福田昭のセミコン業界最前線
NAND積層でHBM超えの大容量、SandiskのHBFが推論GPUを半減
2026年9月10日 10:46
広帯域フラッシュ(HBF)はHBMを超える大容量と低コスト、低電力を鼎立
NANDフラッシュメモリのシリコンダイを積層する広帯域メモリモジュール「HBF(High Bandwidth Flash)」が急激に注目を浴びつつある。大規模かつ高性能なAI学習・推論システムでは従来、GPUあるいはAIアクセラレータの主記憶に、DRAMベースの広帯域メモリモジュール「HBM(High Bandwidth Memory)」が採用されてきた。

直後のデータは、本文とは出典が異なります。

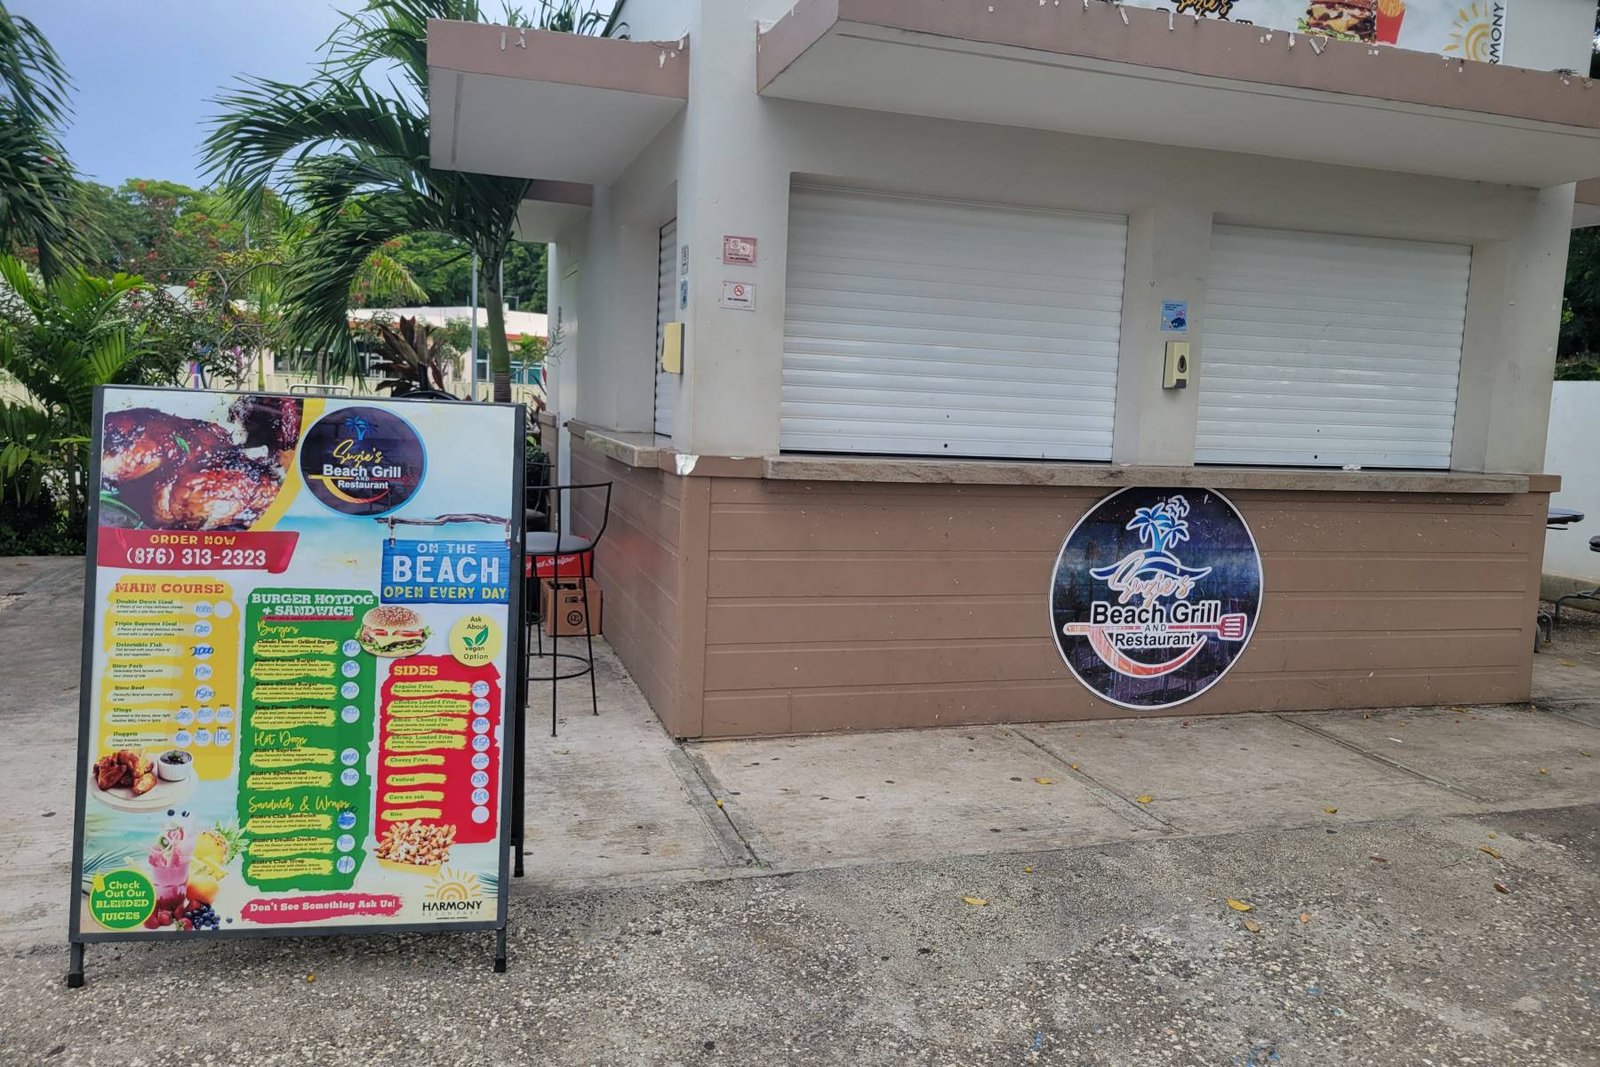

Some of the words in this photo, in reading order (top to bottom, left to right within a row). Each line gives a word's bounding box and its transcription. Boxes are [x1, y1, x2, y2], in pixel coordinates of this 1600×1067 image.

近い将来に普及すると見られる高性能AI推論システムでは、応答時間を短くするために極めて大きな容量の高速メモリを搭載することが不可欠だとされる。主記憶に必要とされる記憶容量はかなり大きく、HBMでは容量が不足する可能性が少なくない。
HBMの代替となる半導体メモリとして期待がかかるのが、シリコンダイ当たりの記憶容量がDRAMと比べて10倍~100倍と大きなNANDフラッシュメモリである。シリコンダイの積層枚数が同じであれば、メモリモジュール当たりの記憶容量を10倍~100倍に拡大できる。そしてNANDフラッシュメモリの読み出しアクセス時間はDRAMに近い。DRAMと同等ではないものの、かなり短い。読み出しスループットではHBMとほぼ同じ帯域幅を期待できる。
広帯域フラッシュモジュールHBFのコンセプトは、NANDフラッシュメモリ大手のSandiskが2025年2月11日(米国時間)に投資家向け説明会で公表した。同年8月6日(米国時間)にはSandiskが半導体メモリ大手SK hynixと、HBFの開発と仕様策定で協業すると発表した。
エージェントAIの推論エミュレーションでHBFとHBMの性能を比較
最近では、メモリとストレージのイベント「FMS(Future of Memory and Storage)」(2026年8月4日~6日、米国カリフォルニア州のシリコンバレーで開催)の基調講演(8月5日)と、投資家向けイベント「Sandisk Investor Day in Focus 2026」(8月13日)でSandiskがHBFとHBMのAI推論性能を比較してみせた。
大規模言語モデル(LLM)にはAlibabaの「Qwen3-480B-A35B」(BF16の16bit浮動小数点形式で総容量960GB)を使用し、マルチターンのエージェントAI作業エミュレーション(Multi-turn agentic AI workload emulation log-normal inter-turn arrival time)を実行した。HBFの記憶容量は4TB(GPU当たり)、HBMの記憶容量は192GB(GPU当たり)である。マルチGPU間のデータ転送速度、メモリモジュールとGPUのデータ転送速度、GPU性能(FLOPS換算)は両者で同じにそろえた。GPUの数はHBF搭載GPUパッケージが1個あるいは4個、HBM搭載GPUパッケージが8個とずらした。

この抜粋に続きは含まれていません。